Problem details: Transcribe the records in full; omit images.

Records shown:
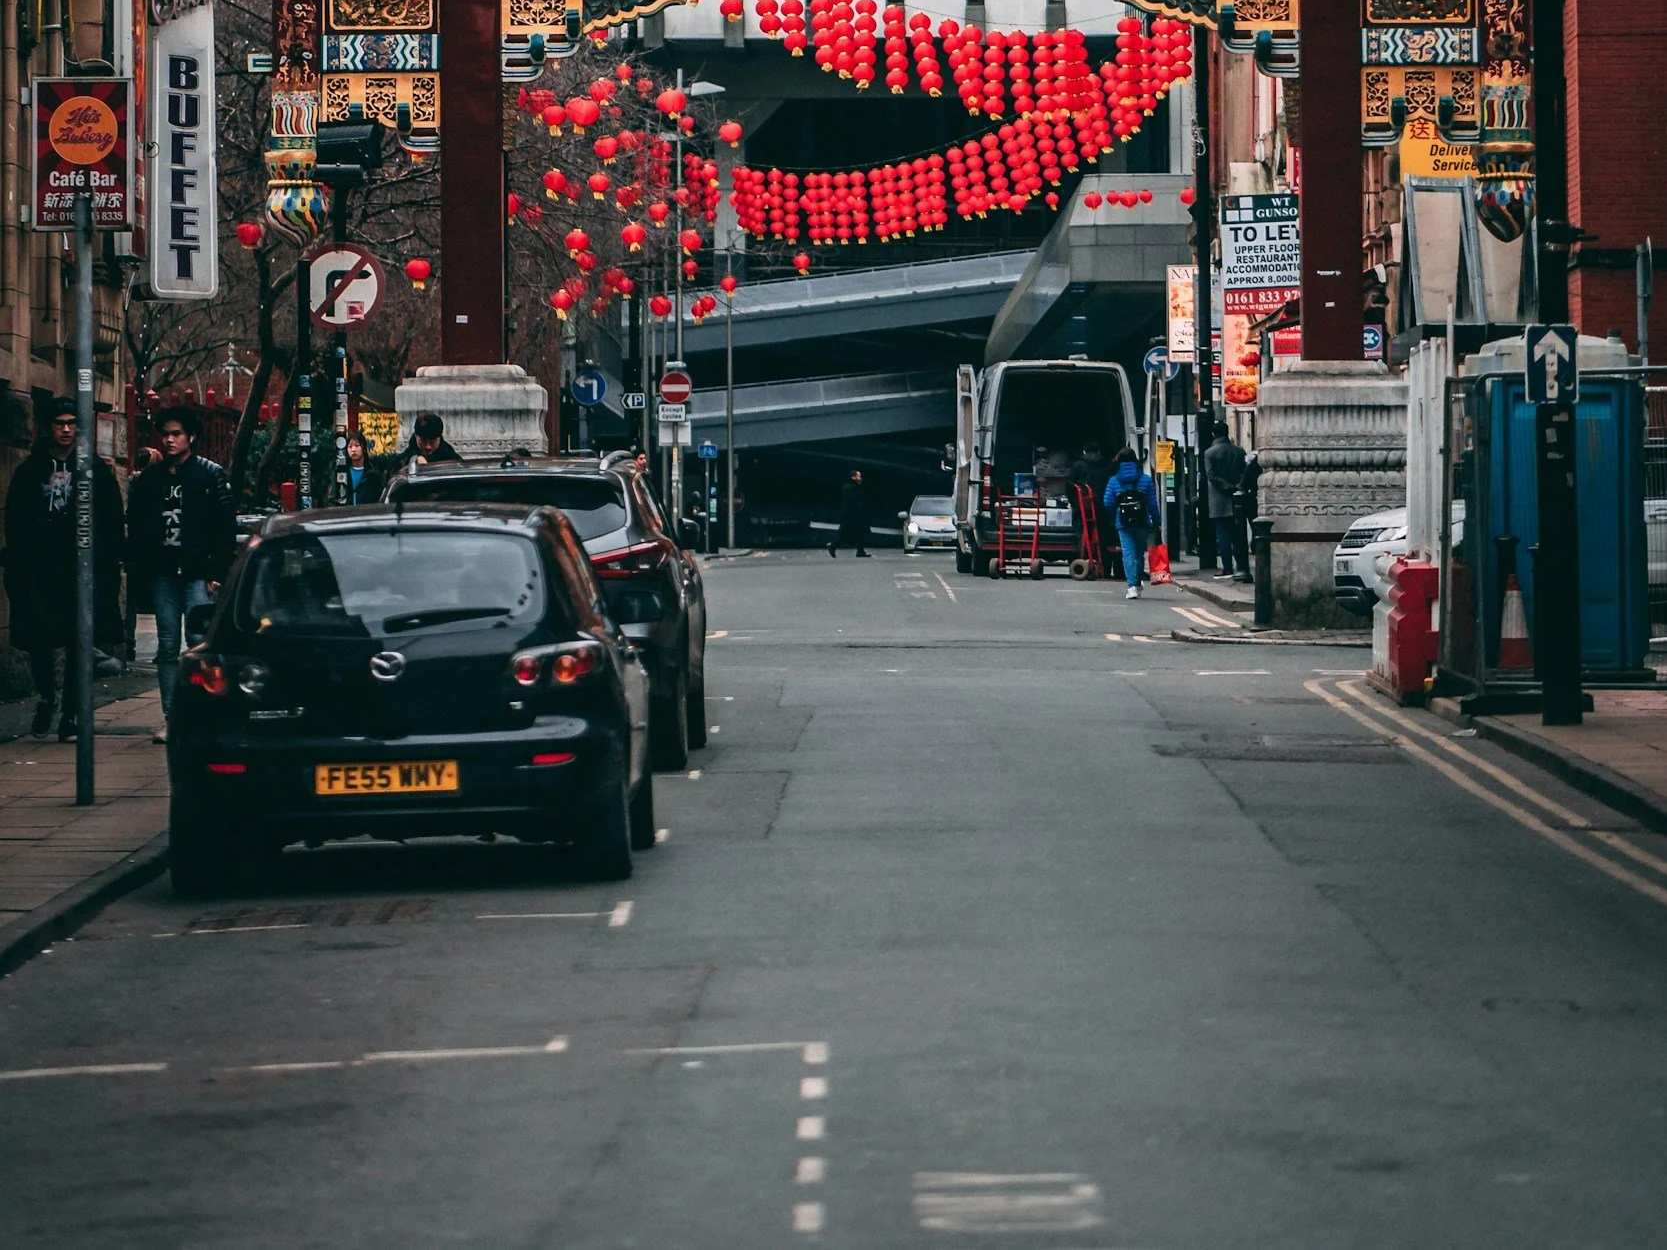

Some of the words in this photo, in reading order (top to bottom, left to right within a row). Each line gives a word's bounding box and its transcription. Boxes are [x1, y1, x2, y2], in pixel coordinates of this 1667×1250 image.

[167, 53, 201, 281] BUFFET
[1432, 158, 1478, 171] Service
[49, 169, 85, 187] Café
[90, 170, 118, 187] Bar
[1270, 197, 1291, 207] WT
[42, 211, 58, 221] Tel:
[101, 211, 123, 221] 8335
[1255, 207, 1298, 218] GUNSO
[1229, 226, 1258, 243] TO
[1265, 224, 1300, 241] LET
[1234, 244, 1266, 254] UPPER
[1236, 253, 1300, 264] RESTAURANT
[1226, 263, 1300, 274] ACCOMMODATI
[1227, 276, 1265, 285] APPROX
[1267, 274, 1300, 284] 8,000s
[1226, 292, 1254, 304] 0161
[1258, 290, 1280, 303] 833
[634, 396, 642, 405] P
[326, 764, 392, 790] FE55

The answer:
Some of the words in this photo, in reading order (top to bottom, left to right within a row). Each line gives a word's bounding box and its transcription. Boxes are [x1, y1, x2, y2], in pixel coordinates of this 1667×1250 image.

[167, 53, 201, 281] BUFFET
[1432, 158, 1478, 171] Service
[49, 169, 85, 187] Café
[90, 170, 118, 187] Bar
[1270, 197, 1291, 207] WT
[42, 211, 58, 221] Tel:
[101, 211, 123, 221] 8335
[1255, 207, 1298, 218] GUNSO
[1229, 226, 1258, 243] TO
[1265, 224, 1300, 241] LET
[1234, 244, 1266, 254] UPPER
[1236, 253, 1300, 264] RESTAURANT
[1226, 263, 1300, 274] ACCOMMODATI
[1227, 276, 1265, 285] APPROX
[1267, 274, 1300, 284] 8,000s
[1226, 292, 1254, 304] 0161
[1258, 290, 1280, 303] 833
[634, 396, 642, 405] P
[326, 764, 392, 790] FE55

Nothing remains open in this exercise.